BEGIN SUPPLIED MATERIAL

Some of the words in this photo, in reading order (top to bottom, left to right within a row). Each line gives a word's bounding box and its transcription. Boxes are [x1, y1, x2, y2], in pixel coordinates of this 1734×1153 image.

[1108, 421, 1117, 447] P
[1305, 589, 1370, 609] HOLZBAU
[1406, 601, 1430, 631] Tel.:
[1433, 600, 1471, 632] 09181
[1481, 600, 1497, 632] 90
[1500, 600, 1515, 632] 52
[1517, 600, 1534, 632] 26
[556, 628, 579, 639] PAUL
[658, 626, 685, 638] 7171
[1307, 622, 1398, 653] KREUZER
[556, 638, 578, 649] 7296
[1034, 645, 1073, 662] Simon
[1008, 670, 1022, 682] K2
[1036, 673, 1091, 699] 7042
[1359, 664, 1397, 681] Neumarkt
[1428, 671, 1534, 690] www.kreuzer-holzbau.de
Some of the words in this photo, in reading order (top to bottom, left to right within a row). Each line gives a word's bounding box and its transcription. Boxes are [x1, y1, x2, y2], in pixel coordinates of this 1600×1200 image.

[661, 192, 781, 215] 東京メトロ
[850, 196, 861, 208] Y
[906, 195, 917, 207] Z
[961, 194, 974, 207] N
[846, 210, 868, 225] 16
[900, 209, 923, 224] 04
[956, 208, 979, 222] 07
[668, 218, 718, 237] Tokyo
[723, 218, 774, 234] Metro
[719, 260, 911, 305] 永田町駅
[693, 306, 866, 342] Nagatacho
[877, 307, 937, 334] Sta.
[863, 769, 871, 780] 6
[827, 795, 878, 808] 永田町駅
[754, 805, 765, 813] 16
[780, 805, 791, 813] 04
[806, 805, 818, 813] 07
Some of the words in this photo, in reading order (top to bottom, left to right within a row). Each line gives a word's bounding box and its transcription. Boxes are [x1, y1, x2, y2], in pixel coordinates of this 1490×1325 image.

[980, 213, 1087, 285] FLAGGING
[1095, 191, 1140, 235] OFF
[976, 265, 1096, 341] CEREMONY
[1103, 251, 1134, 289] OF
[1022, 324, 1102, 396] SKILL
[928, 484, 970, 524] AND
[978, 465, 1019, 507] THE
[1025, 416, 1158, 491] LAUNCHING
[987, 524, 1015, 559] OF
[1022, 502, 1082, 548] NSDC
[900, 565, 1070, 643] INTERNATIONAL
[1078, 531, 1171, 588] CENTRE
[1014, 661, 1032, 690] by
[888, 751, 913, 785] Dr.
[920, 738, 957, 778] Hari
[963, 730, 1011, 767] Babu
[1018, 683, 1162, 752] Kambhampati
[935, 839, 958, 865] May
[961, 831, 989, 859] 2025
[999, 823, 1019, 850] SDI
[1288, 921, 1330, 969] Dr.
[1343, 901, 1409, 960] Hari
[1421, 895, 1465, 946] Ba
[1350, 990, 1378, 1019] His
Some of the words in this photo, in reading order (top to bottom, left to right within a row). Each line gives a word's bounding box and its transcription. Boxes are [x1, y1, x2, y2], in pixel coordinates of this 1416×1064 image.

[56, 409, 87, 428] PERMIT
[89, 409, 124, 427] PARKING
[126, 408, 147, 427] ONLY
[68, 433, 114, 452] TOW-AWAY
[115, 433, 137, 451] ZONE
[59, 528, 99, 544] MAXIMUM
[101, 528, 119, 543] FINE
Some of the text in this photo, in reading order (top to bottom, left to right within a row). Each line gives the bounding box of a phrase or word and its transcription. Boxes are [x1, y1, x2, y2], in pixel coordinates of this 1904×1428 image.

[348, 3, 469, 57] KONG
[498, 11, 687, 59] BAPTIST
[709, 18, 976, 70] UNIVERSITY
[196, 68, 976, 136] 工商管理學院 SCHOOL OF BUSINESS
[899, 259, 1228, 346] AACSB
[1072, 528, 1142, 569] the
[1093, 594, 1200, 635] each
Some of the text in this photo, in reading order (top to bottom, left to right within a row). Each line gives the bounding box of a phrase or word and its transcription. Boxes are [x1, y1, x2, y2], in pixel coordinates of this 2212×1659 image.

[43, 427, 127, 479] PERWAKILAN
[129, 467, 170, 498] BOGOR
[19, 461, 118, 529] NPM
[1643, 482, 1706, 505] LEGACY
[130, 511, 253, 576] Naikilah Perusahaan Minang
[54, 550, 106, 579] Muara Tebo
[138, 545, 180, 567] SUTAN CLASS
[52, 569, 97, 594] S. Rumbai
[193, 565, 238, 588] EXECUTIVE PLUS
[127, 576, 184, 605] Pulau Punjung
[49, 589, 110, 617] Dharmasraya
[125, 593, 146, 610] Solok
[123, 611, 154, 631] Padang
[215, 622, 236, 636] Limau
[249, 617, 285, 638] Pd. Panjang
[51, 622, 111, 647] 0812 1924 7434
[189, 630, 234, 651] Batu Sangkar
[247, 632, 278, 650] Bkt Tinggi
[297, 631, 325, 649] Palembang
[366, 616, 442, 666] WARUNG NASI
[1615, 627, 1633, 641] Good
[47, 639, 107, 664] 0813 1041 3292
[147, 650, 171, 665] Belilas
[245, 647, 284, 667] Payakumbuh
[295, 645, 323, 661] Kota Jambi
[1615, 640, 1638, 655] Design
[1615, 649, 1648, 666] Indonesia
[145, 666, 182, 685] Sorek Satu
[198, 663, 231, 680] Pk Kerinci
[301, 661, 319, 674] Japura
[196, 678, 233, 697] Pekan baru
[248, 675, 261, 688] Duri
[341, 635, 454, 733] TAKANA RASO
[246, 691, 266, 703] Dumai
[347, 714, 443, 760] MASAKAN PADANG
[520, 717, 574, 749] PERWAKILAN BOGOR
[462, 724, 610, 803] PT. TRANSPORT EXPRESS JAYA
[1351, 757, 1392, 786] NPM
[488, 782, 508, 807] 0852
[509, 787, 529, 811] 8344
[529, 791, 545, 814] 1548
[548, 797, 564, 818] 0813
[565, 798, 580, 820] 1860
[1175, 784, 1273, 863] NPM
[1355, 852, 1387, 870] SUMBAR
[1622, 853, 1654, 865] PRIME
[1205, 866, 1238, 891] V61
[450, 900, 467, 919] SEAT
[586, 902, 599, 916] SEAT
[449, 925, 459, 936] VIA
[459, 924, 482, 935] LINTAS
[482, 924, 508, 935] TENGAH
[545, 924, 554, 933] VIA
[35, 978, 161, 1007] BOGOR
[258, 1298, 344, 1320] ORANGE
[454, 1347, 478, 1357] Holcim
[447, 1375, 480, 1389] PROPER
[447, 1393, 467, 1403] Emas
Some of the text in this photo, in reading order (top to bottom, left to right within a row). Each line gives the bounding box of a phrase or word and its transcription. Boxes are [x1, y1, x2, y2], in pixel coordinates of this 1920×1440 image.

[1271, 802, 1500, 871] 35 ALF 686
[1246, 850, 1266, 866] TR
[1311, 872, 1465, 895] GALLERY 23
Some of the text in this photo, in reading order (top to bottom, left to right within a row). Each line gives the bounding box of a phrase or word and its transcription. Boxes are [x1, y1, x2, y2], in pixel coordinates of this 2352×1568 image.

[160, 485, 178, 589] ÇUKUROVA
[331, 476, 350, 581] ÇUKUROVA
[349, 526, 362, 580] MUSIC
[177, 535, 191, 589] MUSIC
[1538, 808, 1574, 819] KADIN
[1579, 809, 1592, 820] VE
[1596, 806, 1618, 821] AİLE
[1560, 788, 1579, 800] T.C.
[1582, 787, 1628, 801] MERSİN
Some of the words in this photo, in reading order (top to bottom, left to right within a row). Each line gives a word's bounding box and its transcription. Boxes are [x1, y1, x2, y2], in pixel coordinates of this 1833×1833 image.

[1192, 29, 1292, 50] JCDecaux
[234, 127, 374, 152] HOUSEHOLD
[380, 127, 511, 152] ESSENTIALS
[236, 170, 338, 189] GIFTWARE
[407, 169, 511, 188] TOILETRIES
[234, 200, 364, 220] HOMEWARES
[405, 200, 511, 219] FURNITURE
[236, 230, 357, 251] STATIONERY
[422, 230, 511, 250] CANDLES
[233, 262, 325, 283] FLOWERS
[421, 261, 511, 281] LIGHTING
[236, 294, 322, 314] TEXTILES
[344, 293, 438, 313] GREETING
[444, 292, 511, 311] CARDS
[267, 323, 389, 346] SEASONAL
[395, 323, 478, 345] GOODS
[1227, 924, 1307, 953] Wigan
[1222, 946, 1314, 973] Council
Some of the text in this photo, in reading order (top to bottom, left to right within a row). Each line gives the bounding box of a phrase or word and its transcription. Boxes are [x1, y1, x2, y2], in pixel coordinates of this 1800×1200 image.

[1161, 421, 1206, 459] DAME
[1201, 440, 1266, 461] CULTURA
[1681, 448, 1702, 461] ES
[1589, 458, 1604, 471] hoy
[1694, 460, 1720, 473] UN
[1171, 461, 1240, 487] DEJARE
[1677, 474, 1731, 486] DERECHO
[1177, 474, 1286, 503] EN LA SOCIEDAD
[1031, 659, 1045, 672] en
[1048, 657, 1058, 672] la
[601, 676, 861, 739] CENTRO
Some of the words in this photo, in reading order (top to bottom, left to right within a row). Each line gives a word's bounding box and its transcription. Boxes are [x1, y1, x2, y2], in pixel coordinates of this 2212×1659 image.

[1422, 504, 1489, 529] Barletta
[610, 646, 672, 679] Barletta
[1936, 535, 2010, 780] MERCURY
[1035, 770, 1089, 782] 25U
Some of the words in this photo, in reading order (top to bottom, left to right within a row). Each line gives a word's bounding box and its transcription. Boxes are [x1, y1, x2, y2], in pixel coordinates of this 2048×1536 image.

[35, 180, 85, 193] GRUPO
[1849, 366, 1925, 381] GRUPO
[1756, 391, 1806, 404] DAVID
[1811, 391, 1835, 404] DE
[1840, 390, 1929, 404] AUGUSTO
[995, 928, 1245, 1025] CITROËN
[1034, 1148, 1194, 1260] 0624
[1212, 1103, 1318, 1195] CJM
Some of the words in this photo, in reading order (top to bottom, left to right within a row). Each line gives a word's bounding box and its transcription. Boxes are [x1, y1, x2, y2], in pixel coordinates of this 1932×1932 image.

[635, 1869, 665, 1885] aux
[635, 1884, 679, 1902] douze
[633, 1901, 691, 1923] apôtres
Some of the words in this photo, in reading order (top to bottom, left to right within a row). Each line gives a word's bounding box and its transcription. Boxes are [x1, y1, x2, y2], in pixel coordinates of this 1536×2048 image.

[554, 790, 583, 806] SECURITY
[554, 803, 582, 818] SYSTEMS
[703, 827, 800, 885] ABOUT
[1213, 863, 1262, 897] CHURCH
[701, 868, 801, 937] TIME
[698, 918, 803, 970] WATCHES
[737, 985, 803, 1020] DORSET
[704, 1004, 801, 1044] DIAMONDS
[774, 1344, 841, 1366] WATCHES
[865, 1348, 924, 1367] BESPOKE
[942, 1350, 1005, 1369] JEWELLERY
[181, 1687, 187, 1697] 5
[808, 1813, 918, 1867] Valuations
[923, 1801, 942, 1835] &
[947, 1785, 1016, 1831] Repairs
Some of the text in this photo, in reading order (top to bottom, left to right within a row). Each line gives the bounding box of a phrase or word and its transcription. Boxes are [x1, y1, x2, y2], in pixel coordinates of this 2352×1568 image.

END SUPPLIED MATERIAL

# YOUR TASK:
From the line holding "this 1536×2048 image." to the last line of the entries above, restate each line exactly; include both ends and omit everything else.

# OUTPUT FOR THIS TASK:
Some of the words in this photo, in reading order (top to bottom, left to right within a row). Each line gives a word's bounding box and its transcription. Boxes are [x1, y1, x2, y2], in pixel coordinates of this 1536×2048 image.

[554, 790, 583, 806] SECURITY
[554, 803, 582, 818] SYSTEMS
[703, 827, 800, 885] ABOUT
[1213, 863, 1262, 897] CHURCH
[701, 868, 801, 937] TIME
[698, 918, 803, 970] WATCHES
[737, 985, 803, 1020] DORSET
[704, 1004, 801, 1044] DIAMONDS
[774, 1344, 841, 1366] WATCHES
[865, 1348, 924, 1367] BESPOKE
[942, 1350, 1005, 1369] JEWELLERY
[181, 1687, 187, 1697] 5
[808, 1813, 918, 1867] Valuations
[923, 1801, 942, 1835] &
[947, 1785, 1016, 1831] Repairs
Some of the text in this photo, in reading order (top to bottom, left to right within a row). Each line gives the bounding box of a phrase or word and its transcription. Boxes are [x1, y1, x2, y2], in pixel coordinates of this 2352×1568 image.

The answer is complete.